Publié le 26 août 2016 à 01:01

Soudain, la nuit est tombée sur le vieux Naples, l'air chaud comme le sirocco s'est mis à vibrer, les petits pavés irréguliers et noirs ont tremblé, prêts à se fendre pour découvrir les entrailles romaines de la cité, les conversations se sont tues et les regards se sont tournés vers l'attroupement qui se formait en haut dela via San Gregorio Armeno. Alors s'est élevée une mélopée depuis les balcons pavoisés et les rues bondées. Trois syllabes scandées comme une incantation: «So-phi-a, So-phi-a, So-phi-a.» Et elle est apparue: Sophia Loren, descendant la rue des crèches, entourée de Domenico Dolce et Stefano Gabbana qui, dans une inimaginable clameur, la portaient jusqu'au trône de bois doré préparé pour elle, sur le parvis de San Lorenzo Maggiore. «Sei la più bellissima, sei napoletana e sei nostra regina!» (« Tu es la plus belle, tu es napolitaine et tu es notre reine! ») criaient les femmes en pâmoison sur son passage, alors que les hommes se précipitaient pour lui offrir un éventail. Dans une cohue invraisemblable et une atmosphère tenant de l'opéra populaire et du miracle napolitain, elle s'est assise, mi-madone mi-souveraine, acceptant l'hommage de sa ville d'une inclinaison de tête, prête à assister à une procession aux allures de miracle de San Gennaro, patron mythique de la cité parthénopéenne, dont le sang se liquéfie une fois l'an...

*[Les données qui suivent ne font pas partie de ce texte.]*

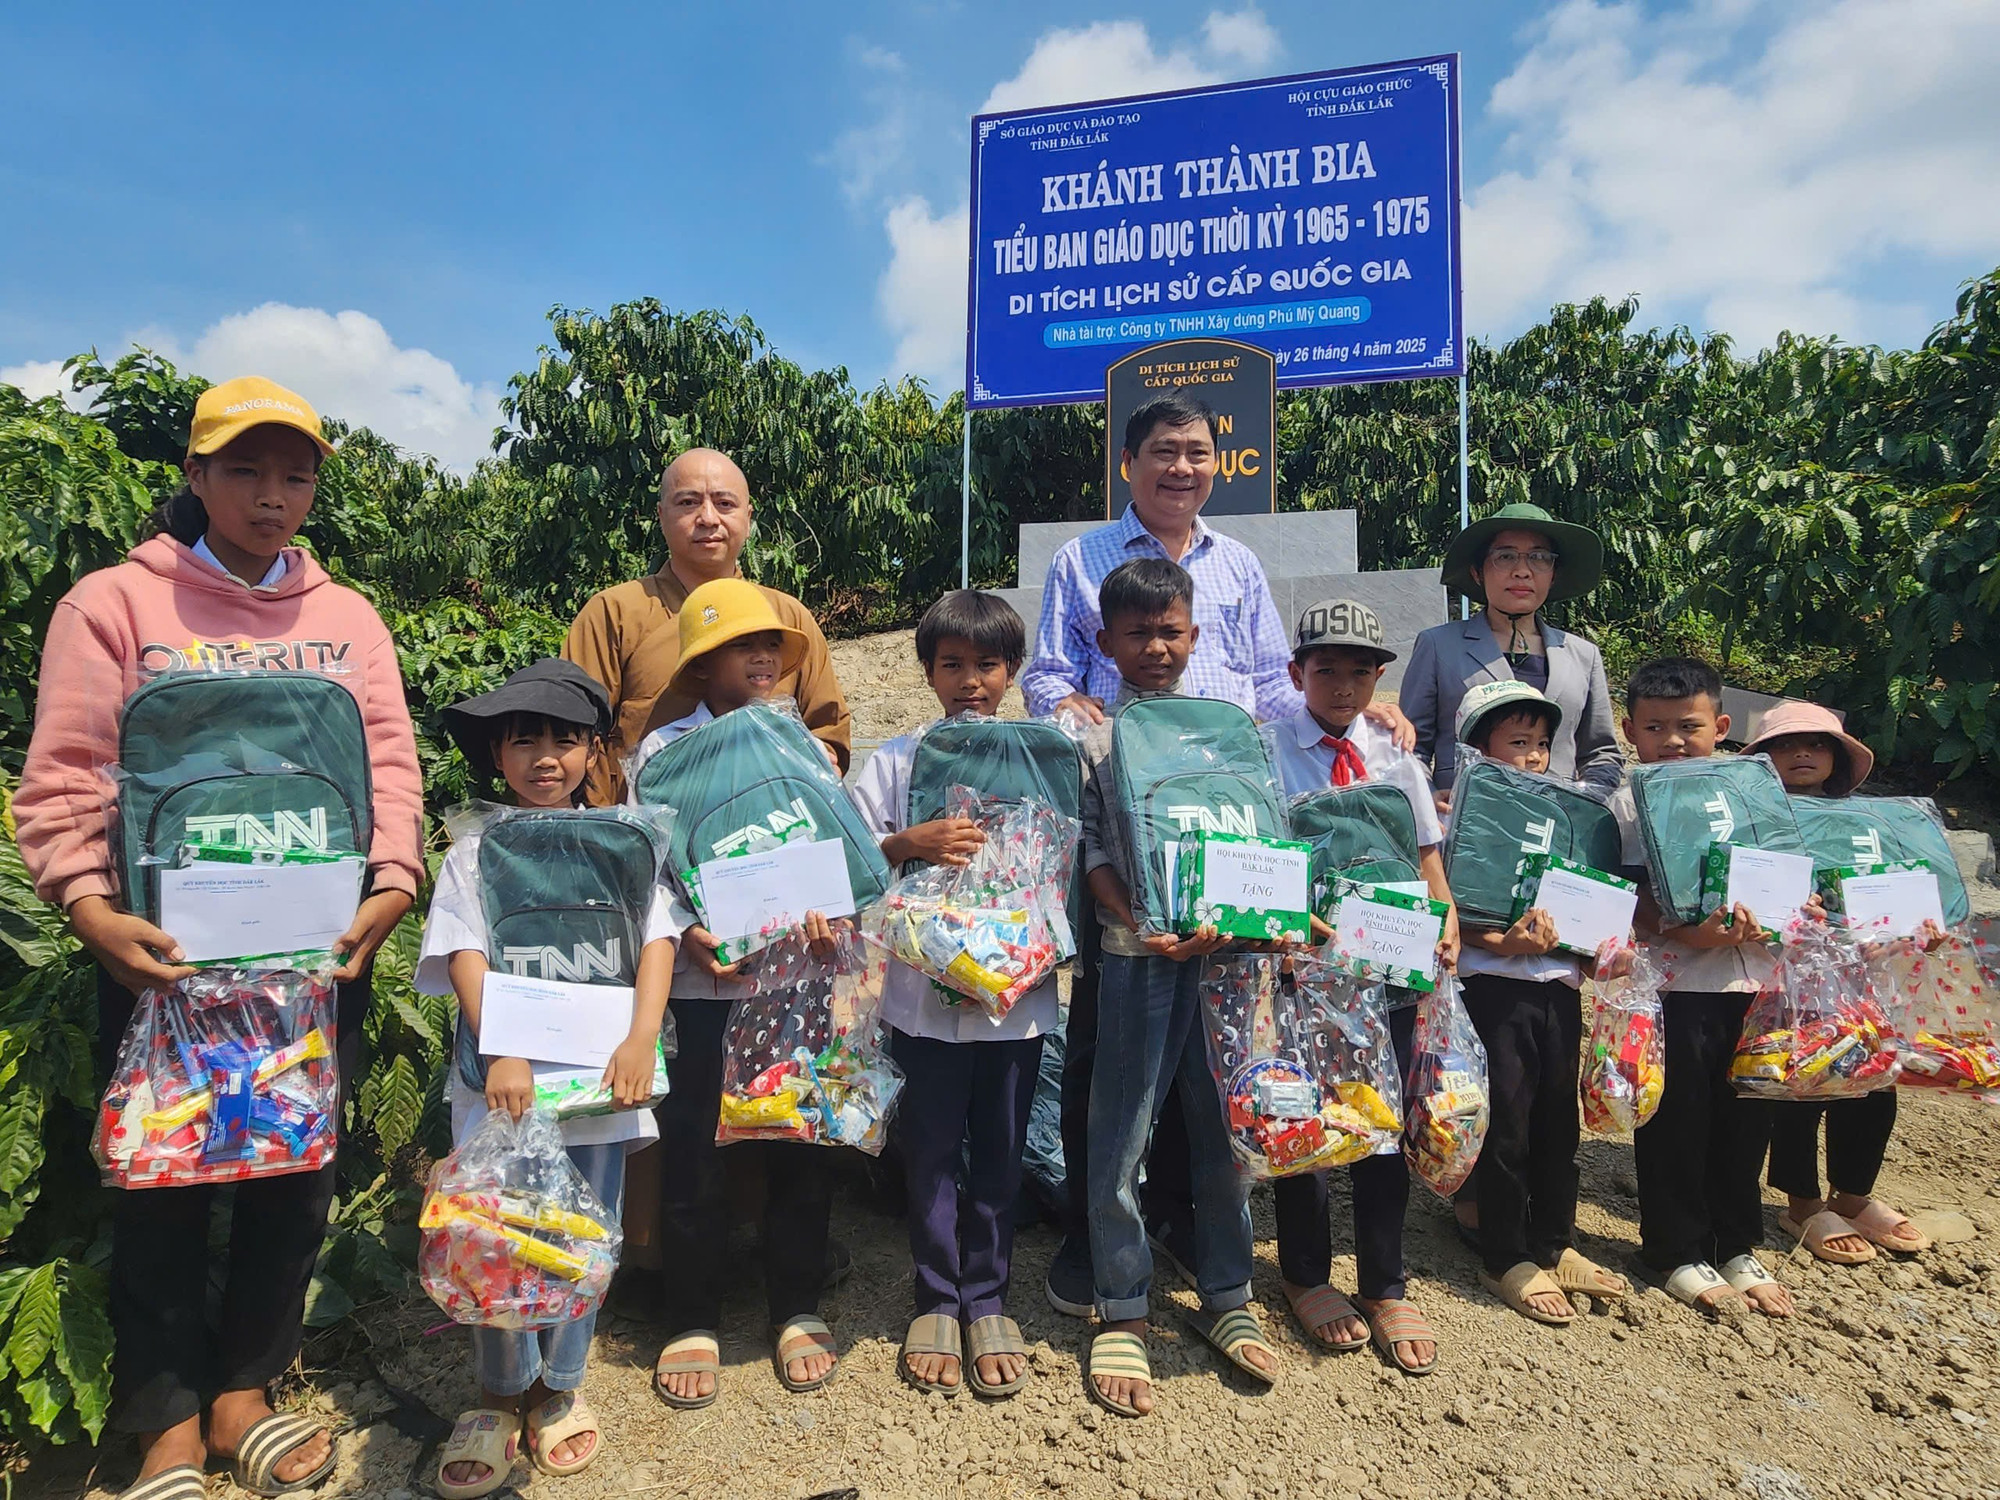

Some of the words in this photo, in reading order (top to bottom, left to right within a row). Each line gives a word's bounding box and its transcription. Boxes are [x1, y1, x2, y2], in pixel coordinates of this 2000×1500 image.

Une procession toute païenne en l'occurrence: 99 modèles de couture défiant l'apesanteur - les rues autour de la Spaccanapoli sont pentues -, le temps et les modes, rendant hommage à Sophia et à Naples tout entière entre petites robes noires et capes brodées aux allures de chasubles - très défilé de mode ecclésiastique fellinien - contrastant avec guêpières et jarretelles tout droit sorties de Mariage à l'italienne, robes du soir pour cérémonie des oscars et folklore napolitain réinterprété grand genre. 99 modèles glissant sur la rue suintante comme autant de figures de proue de l'italienneté. 99 modèles signés du duo le plus italien de toute la Botte, Dolce & Gabbana. L'apogée de quatre jours fêtant l'artisanat d'art sous le nom d'Alte Artigianalita, réunissant 300 des plus grandes clientes de la marque, qui auront aussi été tentées par la haute joaillerie présentée en ouverture ou les robes de plage proposées dans un pop-up store. Quant à leurs époux et autres compagnons du sexe dit fort, ils auront connu les joies de la couture masculine avec Alta Sartoria, célébrant dans le cadre du castel dell'ovo le grand style du tailleur napolitain, via un hommage à James Bond aussi coloré que brodé. Des jours de démesure offerts à des fans tous en total look du père à l'enfant, la mère et la grand-mère, et ne boudant pas leur plaisir devant cette démonstration de puissance aussi globale que généreuse - On ne lésine ni sur le champagne, ni sur le Riva, ni sur le feu d'artifice dans ce conte de fées en technicolor. Quelques semaines auparavant, au lendemain de la présentation de la collection de prêt-à-porter masculin, Stefano Gabbana avait prévenu: «Il faut voir Alta Moda (le nom de cette couture là, NDLR) pour comprendre qui nous sommes et qui nous voulons être. À dire vrai, notre ambition est simple: nous voulons être le Chanel italien.» Une prise de risque? Une provocation? «De quoi aurions-nous peur?» rugissait en réponse le créateur.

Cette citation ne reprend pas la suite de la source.